Aim of the exercise: Although the records contain pictures, repeat only the text of every line exactly.

Dataset entries:

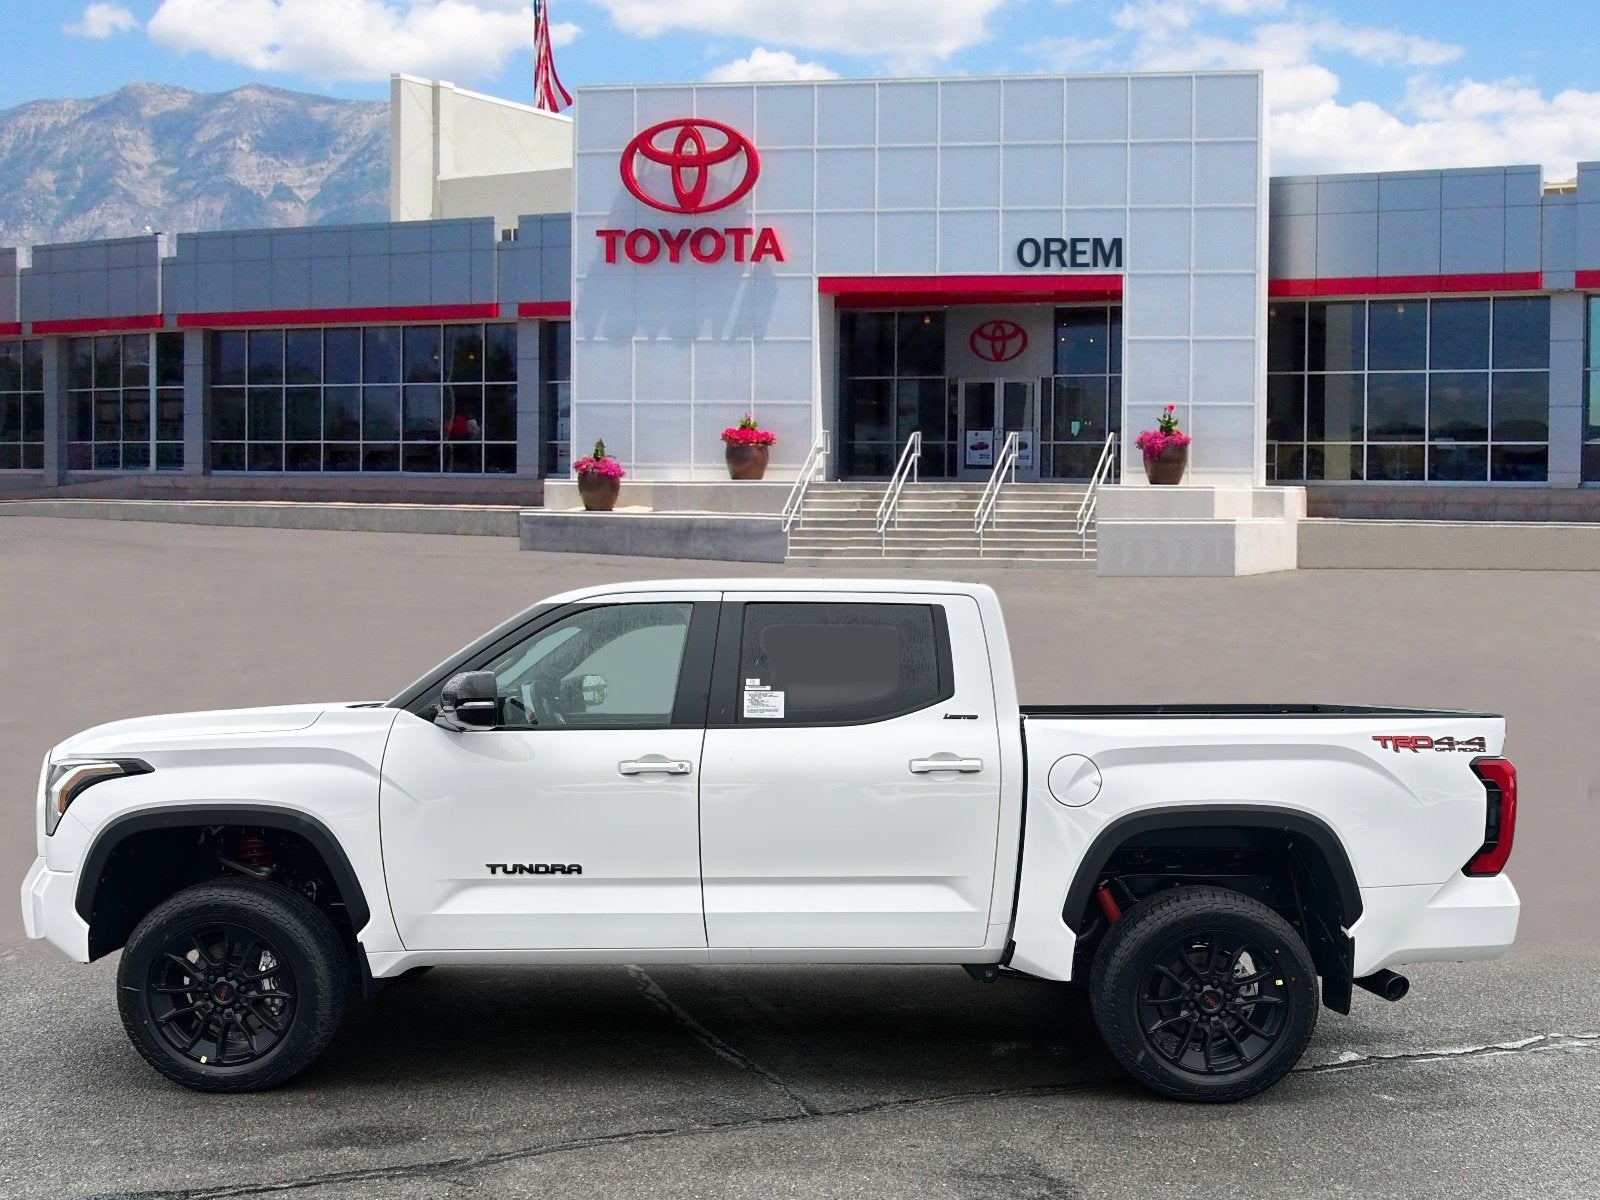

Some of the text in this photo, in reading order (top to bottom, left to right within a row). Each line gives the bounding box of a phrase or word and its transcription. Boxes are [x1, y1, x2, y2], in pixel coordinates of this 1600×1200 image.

[596, 227, 785, 264] TOYOTA
[1016, 237, 1123, 268] OREM
[1372, 735, 1434, 753] TRD
[485, 863, 583, 875] TUNDRA

Answer to this exercise:
Some of the text in this photo, in reading order (top to bottom, left to right within a row). Each line gives the bounding box of a phrase or word and its transcription. Boxes are [x1, y1, x2, y2], in pixel coordinates of this 1600×1200 image.

[596, 227, 785, 264] TOYOTA
[1016, 237, 1123, 268] OREM
[1372, 735, 1434, 753] TRD
[485, 863, 583, 875] TUNDRA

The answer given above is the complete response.